Repeat each entry word for word; the images are not part of the copy.

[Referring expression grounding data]
----------------------------------------

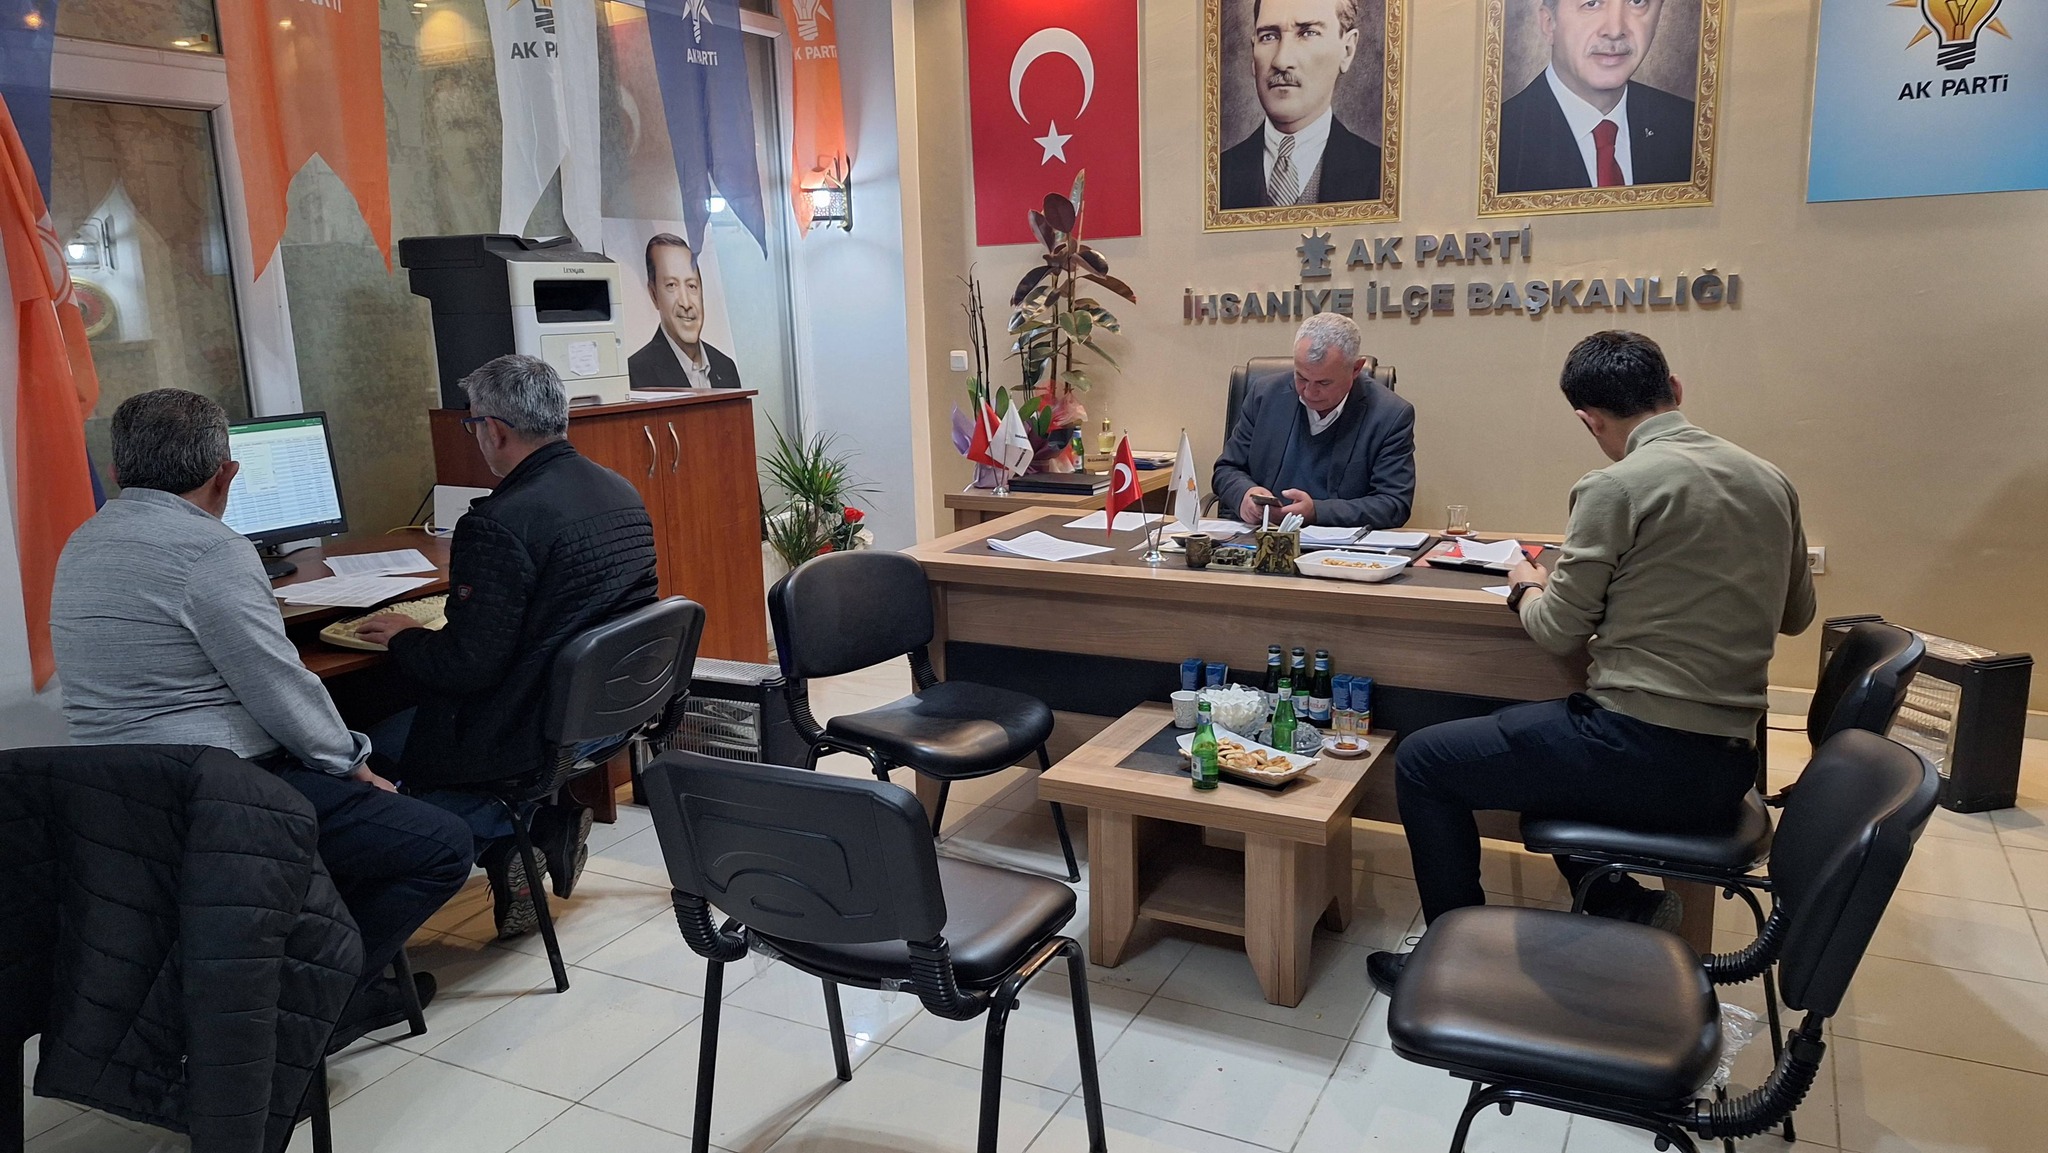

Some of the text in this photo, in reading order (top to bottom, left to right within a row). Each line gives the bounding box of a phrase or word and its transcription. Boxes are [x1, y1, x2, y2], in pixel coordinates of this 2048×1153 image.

[511, 41, 539, 59] AK
[1898, 74, 2008, 100] AK PARTi
[1346, 222, 1531, 265] AK PARTİ
[1184, 267, 1739, 319] İHSANİYE İLÇE BAŞKANLIĞI

----------------------------------------

[Your solution]:
Some of the text in this photo, in reading order (top to bottom, left to right within a row). Each line gives the bounding box of a phrase or word and its transcription. Boxes are [x1, y1, x2, y2], in pixel coordinates of this 2048×1153 image.

[511, 41, 539, 59] AK
[1898, 74, 2008, 100] AK PARTi
[1346, 222, 1531, 265] AK PARTİ
[1184, 267, 1739, 319] İHSANİYE İLÇE BAŞKANLIĞI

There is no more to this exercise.